What to work on:
Across the listing that follows, establish how many lines contain the string "Holley" and provide that number by itself.

Supplied records:
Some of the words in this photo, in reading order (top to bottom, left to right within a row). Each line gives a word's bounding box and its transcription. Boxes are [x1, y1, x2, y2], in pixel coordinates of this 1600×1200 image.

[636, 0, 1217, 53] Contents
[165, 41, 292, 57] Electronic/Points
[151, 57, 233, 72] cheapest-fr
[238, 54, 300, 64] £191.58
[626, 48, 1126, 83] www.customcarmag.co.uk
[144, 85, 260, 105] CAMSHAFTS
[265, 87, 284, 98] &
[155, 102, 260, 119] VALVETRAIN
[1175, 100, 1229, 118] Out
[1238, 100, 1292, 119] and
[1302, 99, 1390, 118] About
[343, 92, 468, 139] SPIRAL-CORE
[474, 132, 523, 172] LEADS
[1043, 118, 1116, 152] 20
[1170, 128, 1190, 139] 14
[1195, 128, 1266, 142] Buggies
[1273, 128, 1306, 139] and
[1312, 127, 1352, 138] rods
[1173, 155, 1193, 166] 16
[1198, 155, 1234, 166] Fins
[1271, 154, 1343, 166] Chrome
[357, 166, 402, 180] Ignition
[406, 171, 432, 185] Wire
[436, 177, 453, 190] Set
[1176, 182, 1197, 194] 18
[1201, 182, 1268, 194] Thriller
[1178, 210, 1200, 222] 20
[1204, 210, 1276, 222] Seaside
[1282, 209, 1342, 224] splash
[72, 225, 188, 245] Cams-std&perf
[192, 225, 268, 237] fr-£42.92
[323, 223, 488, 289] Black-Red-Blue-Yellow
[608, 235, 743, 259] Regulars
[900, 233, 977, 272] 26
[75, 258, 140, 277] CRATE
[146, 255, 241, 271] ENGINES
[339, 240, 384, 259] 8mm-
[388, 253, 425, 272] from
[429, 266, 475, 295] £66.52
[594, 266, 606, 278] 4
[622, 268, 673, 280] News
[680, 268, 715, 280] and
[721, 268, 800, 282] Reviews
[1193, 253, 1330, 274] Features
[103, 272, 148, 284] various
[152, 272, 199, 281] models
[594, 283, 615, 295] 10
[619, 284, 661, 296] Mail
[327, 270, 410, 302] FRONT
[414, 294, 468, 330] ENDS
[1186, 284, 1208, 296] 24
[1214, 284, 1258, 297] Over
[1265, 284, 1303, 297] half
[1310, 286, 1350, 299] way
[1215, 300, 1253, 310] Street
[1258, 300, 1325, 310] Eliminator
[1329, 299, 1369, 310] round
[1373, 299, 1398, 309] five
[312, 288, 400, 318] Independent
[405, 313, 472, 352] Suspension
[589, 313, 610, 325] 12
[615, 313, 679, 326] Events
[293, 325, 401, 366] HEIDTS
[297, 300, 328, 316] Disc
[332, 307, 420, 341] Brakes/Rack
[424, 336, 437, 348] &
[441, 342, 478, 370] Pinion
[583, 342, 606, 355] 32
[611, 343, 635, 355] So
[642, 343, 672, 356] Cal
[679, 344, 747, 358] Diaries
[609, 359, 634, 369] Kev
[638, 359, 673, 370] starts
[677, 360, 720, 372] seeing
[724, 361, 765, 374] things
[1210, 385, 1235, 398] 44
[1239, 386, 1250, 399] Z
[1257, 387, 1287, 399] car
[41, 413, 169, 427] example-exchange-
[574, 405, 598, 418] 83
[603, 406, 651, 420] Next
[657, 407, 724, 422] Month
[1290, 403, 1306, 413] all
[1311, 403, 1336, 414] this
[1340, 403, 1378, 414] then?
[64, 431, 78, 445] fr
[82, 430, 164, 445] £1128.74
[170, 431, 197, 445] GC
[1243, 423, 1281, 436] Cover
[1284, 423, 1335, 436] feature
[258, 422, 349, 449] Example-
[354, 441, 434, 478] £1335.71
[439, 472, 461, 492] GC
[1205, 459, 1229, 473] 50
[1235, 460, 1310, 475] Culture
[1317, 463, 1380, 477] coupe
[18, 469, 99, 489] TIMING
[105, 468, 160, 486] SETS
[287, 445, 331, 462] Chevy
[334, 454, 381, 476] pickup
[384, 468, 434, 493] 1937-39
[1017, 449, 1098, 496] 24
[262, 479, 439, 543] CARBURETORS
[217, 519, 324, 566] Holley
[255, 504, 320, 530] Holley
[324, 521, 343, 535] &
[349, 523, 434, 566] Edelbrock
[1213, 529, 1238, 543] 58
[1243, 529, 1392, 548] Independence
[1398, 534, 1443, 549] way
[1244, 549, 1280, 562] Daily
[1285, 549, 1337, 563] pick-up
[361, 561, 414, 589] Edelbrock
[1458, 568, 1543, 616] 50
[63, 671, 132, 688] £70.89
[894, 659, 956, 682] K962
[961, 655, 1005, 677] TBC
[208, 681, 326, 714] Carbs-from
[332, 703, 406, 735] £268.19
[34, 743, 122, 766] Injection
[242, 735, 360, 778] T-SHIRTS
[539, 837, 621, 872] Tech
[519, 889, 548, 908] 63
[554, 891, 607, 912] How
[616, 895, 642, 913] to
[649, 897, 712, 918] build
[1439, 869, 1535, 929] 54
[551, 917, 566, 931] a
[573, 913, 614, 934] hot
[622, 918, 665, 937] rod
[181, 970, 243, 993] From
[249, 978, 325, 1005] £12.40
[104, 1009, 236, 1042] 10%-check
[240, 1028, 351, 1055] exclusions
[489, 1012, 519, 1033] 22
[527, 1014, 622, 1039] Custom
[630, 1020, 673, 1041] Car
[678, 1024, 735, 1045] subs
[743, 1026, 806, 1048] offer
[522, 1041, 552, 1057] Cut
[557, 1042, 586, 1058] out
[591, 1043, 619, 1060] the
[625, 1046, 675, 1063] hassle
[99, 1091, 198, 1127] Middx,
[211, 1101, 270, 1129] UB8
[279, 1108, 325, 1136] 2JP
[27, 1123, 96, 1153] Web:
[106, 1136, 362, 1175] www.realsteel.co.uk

Problem solution:
2